Optom Vis Sci. 2016 Sep;93(9):1173-80. doi: 10.1097/OPX.0000000000000906.
To report an unusual case of a gyrate atrophy-like presentation with retinal crystal deposition in a patient with normal plasma ornithine levels.
A 50-year-old Hispanic female patient presented with complaints of blurred vision and nyctalopia. Examination revealed bilateral multiple round islands of peripheral chorioretinal degeneration in addition to small crystal-like deposits in the posterior pole. Spectral domain optical coherence tomography confirmed the crystalline deposits to be above the retinal pigment epithelium. Electrophysiology revealed reduced photopic responses with no recordable scotopic response. Testing for elevated plasma ornithine, which is typical in gyrate atrophy patients, was performed; however, the patient's levels were normal.
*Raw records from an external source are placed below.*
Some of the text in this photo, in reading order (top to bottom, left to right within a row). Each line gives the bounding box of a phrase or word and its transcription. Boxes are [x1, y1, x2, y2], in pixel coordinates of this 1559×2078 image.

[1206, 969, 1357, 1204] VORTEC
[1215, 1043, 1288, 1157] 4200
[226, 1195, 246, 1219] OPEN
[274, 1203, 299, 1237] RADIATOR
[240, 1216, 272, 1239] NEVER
Diagnosis of conditions that cause nyctalopia can be challenging because they are rare and often similar in appearance and presenting symptoms. Retinal crystal deposition and normal plasma ornithine illustrate the phenotypical variation that can be seen in a gyrate atrophy-like phenotype.
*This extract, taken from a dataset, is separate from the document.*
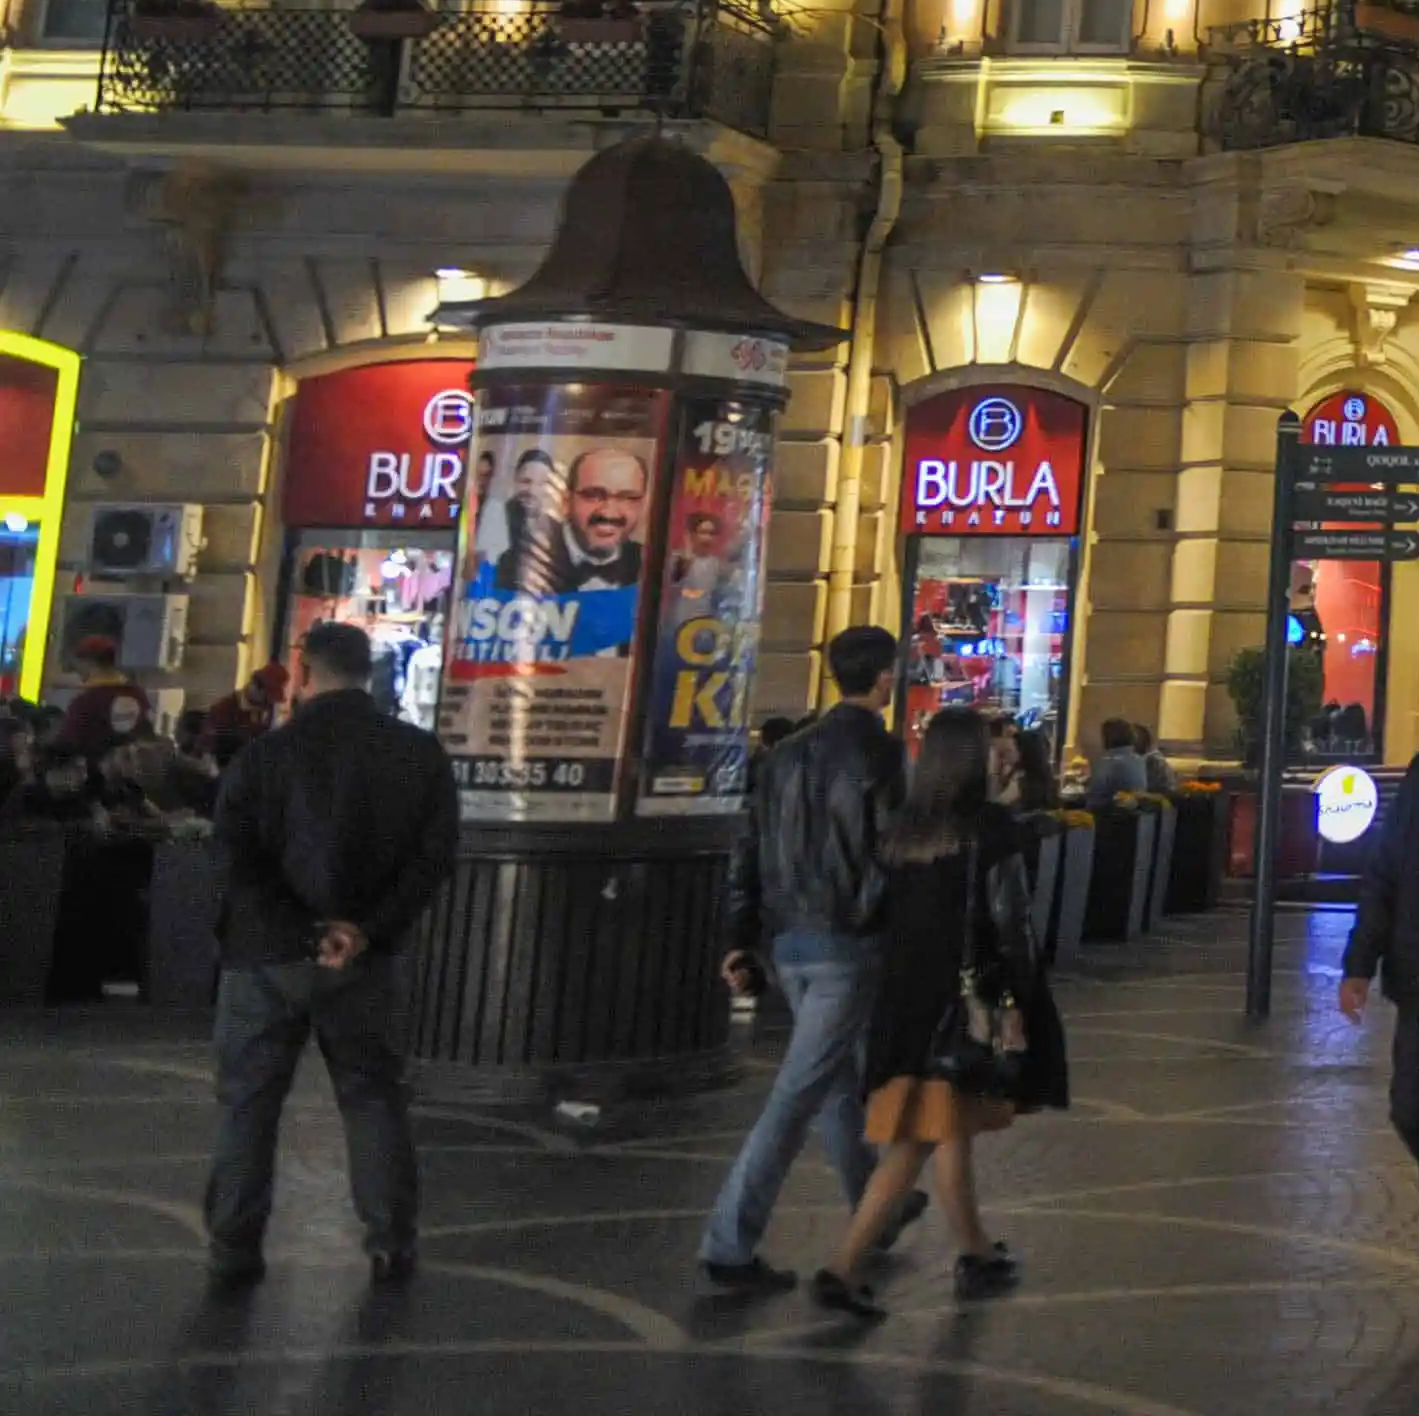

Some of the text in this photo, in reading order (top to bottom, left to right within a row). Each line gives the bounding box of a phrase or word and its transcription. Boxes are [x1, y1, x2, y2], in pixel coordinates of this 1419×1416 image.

[367, 451, 463, 499] BUR
[917, 459, 1060, 506] BURLA
[553, 762, 584, 786] 40
报告一例血浆鸟氨酸水平正常但出现视网膜晶体沉积的回旋状萎缩样表现的罕见病例。
一名50岁的西班牙裔女性患者主诉视力模糊和夜盲。检查发现双侧周边脉络膜视网膜变性有多个圆形病灶,此外后极部还有小的晶体样沉积物。频域光学相干断层扫描证实晶体沉积物位于视网膜色素上皮之上。电生理学检查显示明视觉反应降低,暗视觉反应无法记录。对典型的回旋状萎缩患者进行了血浆鸟氨酸水平升高检测;然而,该患者的水平正常。
导致夜盲的疾病诊断可能具有挑战性,因为它们罕见且外观和症状往往相似。视网膜晶体沉积和正常血浆鸟氨酸说明了在回旋状萎缩样表型中可见的表型变异。